### Instructions to follow
Exclude the pictures, then restate every entry below exactly.
# # # # # # #
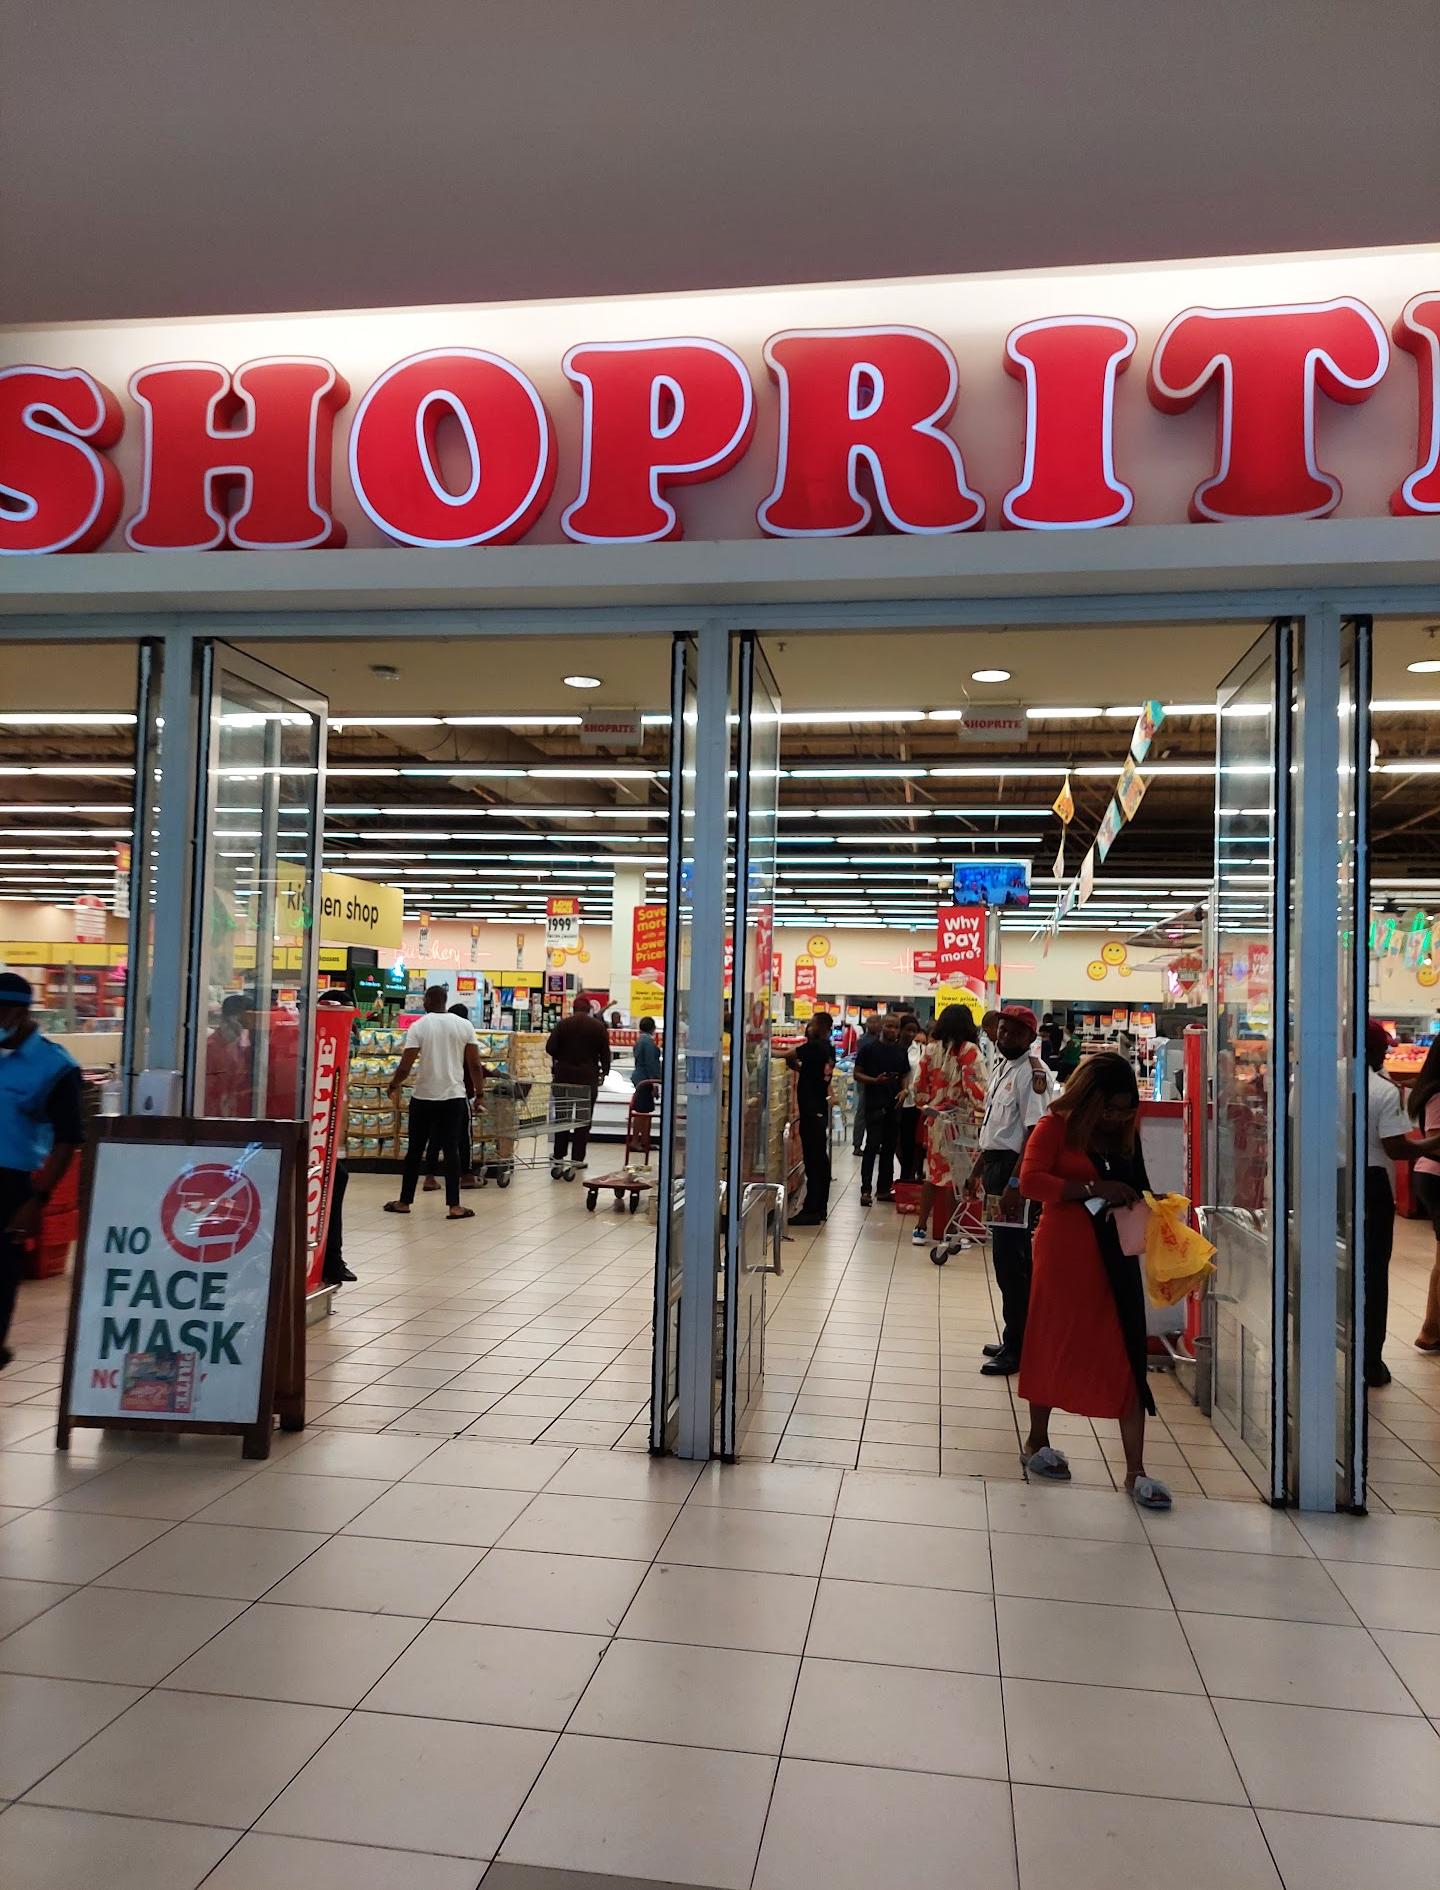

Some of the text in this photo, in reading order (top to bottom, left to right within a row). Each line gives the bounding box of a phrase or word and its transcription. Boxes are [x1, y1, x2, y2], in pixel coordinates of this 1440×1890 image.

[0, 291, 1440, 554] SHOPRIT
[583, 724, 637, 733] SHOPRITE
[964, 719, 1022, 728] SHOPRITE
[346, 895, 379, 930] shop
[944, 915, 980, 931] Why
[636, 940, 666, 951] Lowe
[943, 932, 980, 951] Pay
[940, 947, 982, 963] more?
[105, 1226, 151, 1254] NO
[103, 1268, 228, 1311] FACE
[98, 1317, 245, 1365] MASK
# # # # # # #
### Problem solution
Some of the text in this photo, in reading order (top to bottom, left to right within a row). Each line gives the bounding box of a phrase or word and its transcription. Boxes are [x1, y1, x2, y2], in pixel coordinates of this 1440×1890 image.

[0, 291, 1440, 554] SHOPRIT
[583, 724, 637, 733] SHOPRITE
[964, 719, 1022, 728] SHOPRITE
[346, 895, 379, 930] shop
[944, 915, 980, 931] Why
[636, 940, 666, 951] Lowe
[943, 932, 980, 951] Pay
[940, 947, 982, 963] more?
[105, 1226, 151, 1254] NO
[103, 1268, 228, 1311] FACE
[98, 1317, 245, 1365] MASK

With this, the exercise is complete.